__What this task involves__
Leave out the images and transcribe the entries below word for word.

__Records to use__
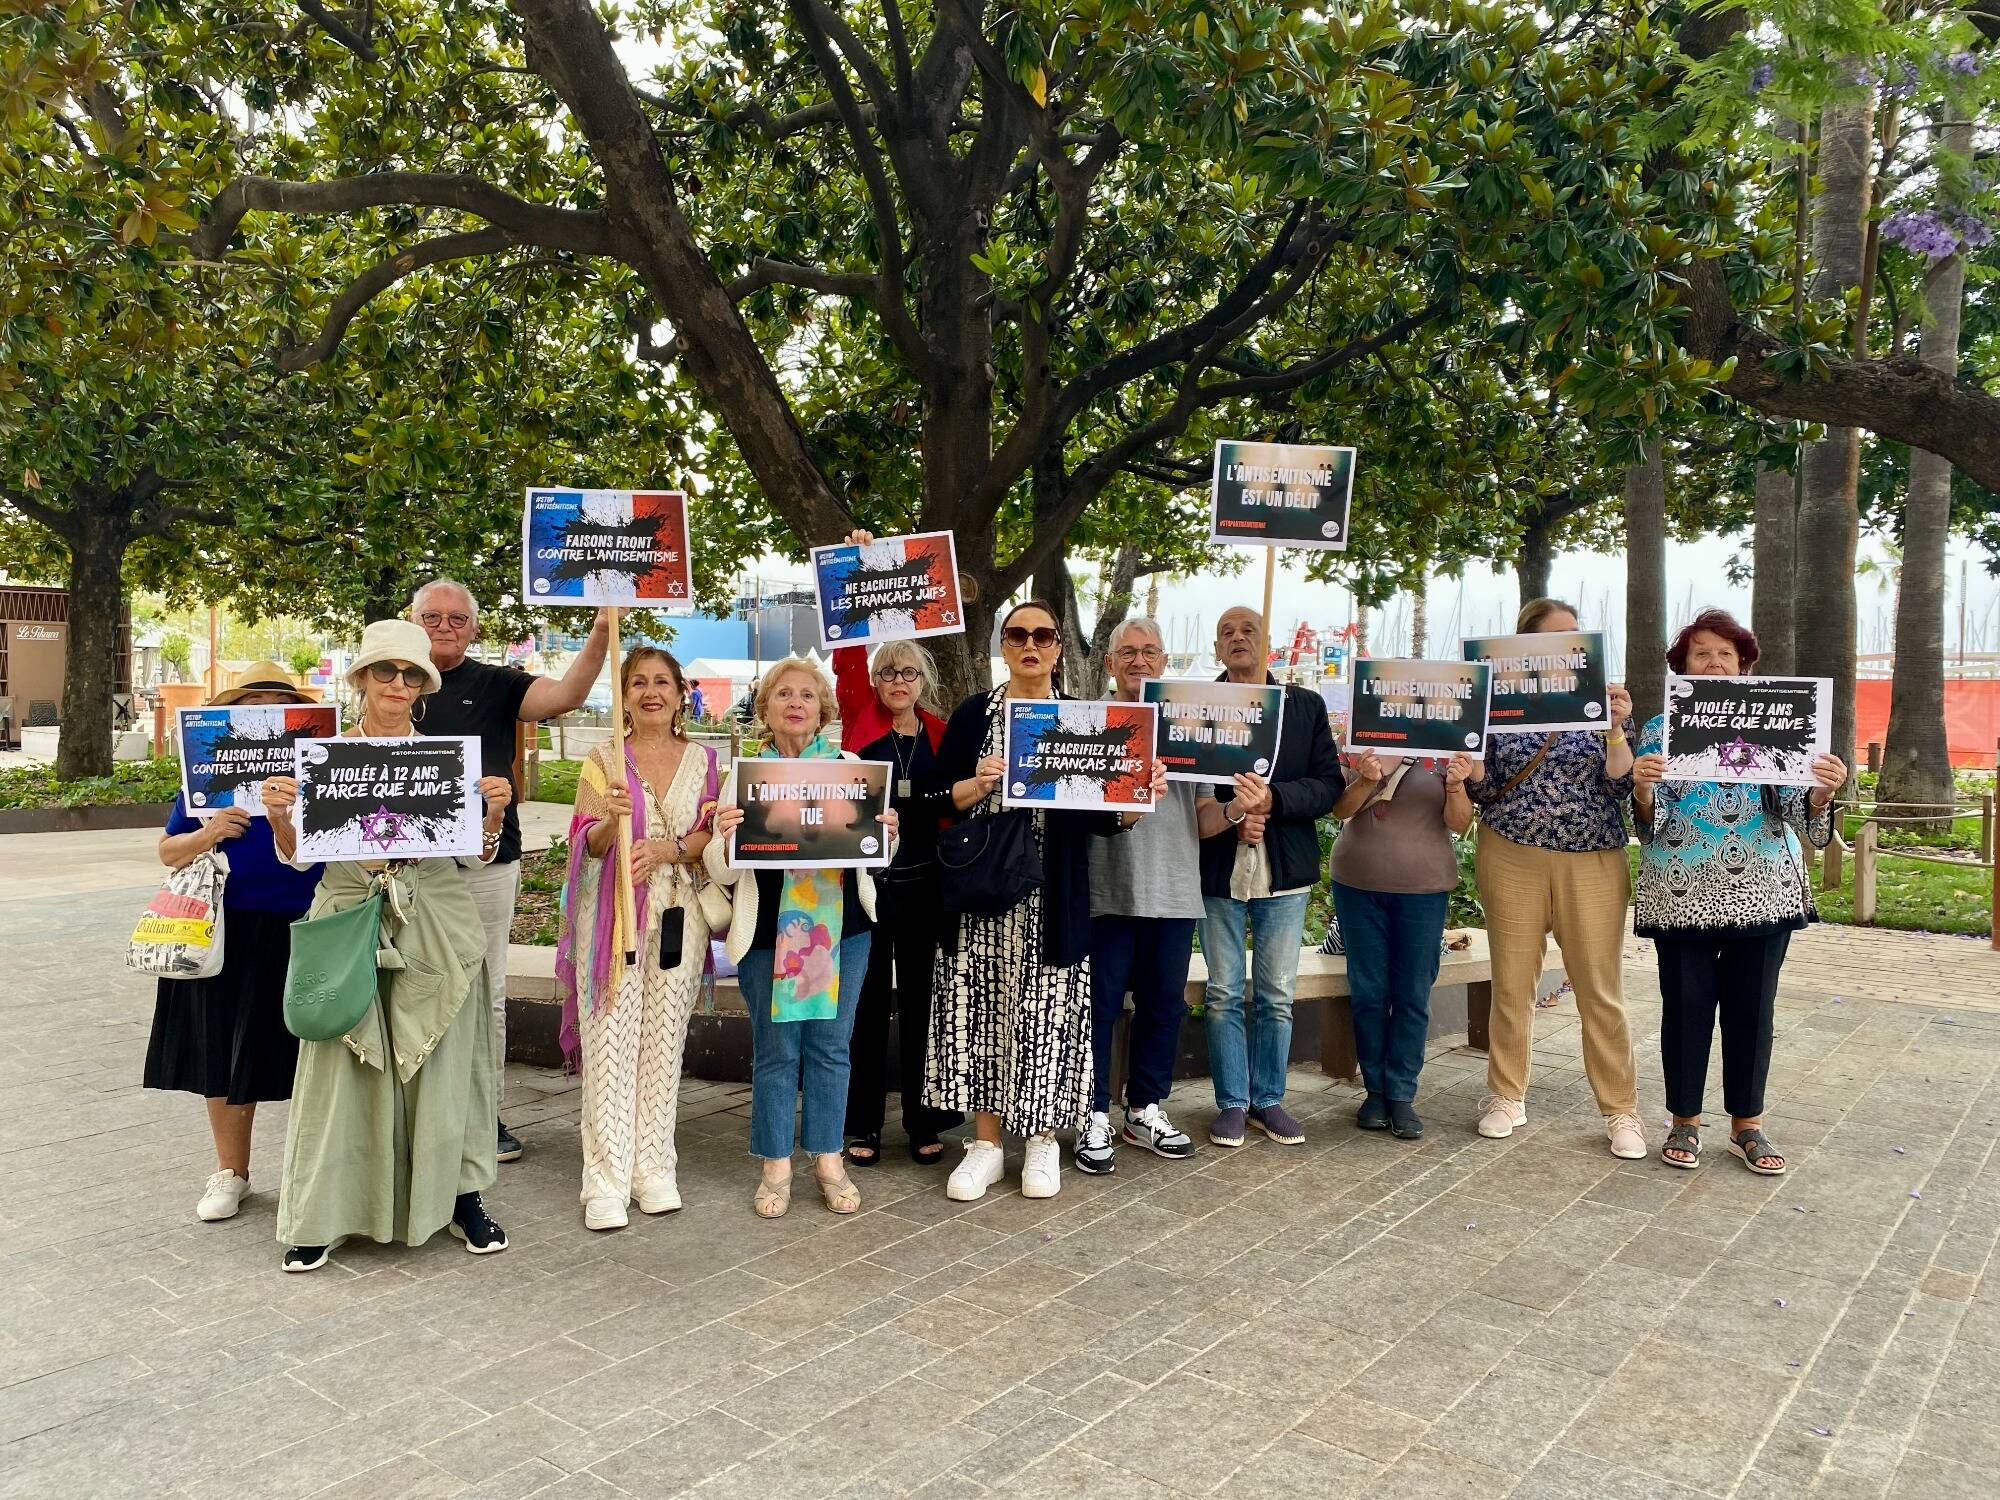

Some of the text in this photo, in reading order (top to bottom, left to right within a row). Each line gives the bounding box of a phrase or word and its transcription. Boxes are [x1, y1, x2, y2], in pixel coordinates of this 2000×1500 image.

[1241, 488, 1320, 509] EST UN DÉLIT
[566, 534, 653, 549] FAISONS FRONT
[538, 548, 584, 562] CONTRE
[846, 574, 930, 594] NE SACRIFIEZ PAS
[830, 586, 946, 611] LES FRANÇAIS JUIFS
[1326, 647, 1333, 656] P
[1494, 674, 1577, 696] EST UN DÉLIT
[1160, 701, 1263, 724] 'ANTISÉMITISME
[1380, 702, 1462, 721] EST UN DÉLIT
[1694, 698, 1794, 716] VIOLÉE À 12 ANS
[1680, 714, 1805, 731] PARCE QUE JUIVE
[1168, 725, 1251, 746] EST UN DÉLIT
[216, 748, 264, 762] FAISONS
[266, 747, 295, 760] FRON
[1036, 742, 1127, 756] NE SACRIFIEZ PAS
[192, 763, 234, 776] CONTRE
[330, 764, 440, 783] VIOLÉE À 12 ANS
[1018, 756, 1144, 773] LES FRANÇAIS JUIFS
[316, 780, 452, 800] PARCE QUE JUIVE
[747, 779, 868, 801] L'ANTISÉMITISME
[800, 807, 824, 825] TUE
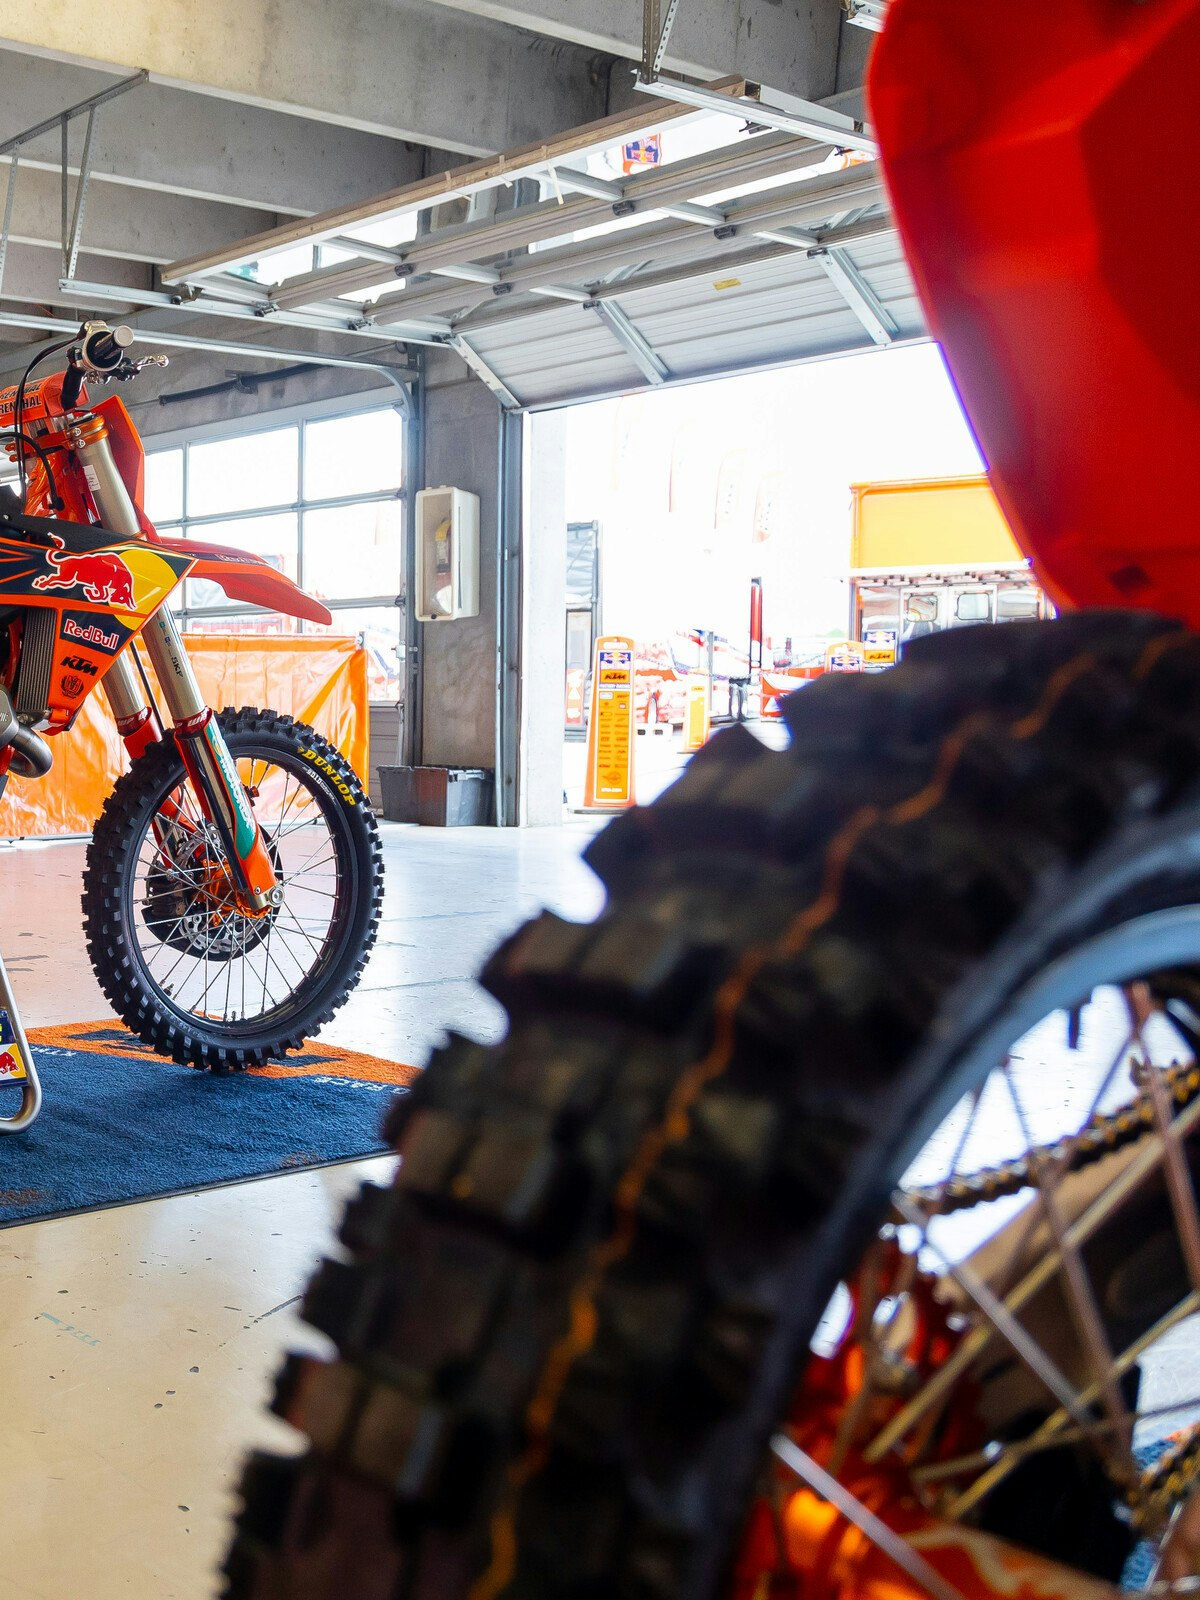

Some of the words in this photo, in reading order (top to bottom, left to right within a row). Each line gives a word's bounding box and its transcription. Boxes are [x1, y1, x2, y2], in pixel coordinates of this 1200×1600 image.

__Final answer__
Some of the text in this photo, in reading order (top to bottom, left to right within a row). Each line gives the bounding box of a phrase or word and its transcription. Boxes are [x1, y1, x2, y2], in pixel coordinates of this 2000×1500 image.

[1241, 488, 1320, 509] EST UN DÉLIT
[566, 534, 653, 549] FAISONS FRONT
[538, 548, 584, 562] CONTRE
[846, 574, 930, 594] NE SACRIFIEZ PAS
[830, 586, 946, 611] LES FRANÇAIS JUIFS
[1326, 647, 1333, 656] P
[1494, 674, 1577, 696] EST UN DÉLIT
[1160, 701, 1263, 724] 'ANTISÉMITISME
[1380, 702, 1462, 721] EST UN DÉLIT
[1694, 698, 1794, 716] VIOLÉE À 12 ANS
[1680, 714, 1805, 731] PARCE QUE JUIVE
[1168, 725, 1251, 746] EST UN DÉLIT
[216, 748, 264, 762] FAISONS
[266, 747, 295, 760] FRON
[1036, 742, 1127, 756] NE SACRIFIEZ PAS
[192, 763, 234, 776] CONTRE
[330, 764, 440, 783] VIOLÉE À 12 ANS
[1018, 756, 1144, 773] LES FRANÇAIS JUIFS
[316, 780, 452, 800] PARCE QUE JUIVE
[747, 779, 868, 801] L'ANTISÉMITISME
[800, 807, 824, 825] TUE

Some of the words in this photo, in reading order (top to bottom, left to right within a row). Each line gives a word's bounding box and its transcription. Boxes are [x1, y1, x2, y2], in pixel coordinates of this 1200×1600 image.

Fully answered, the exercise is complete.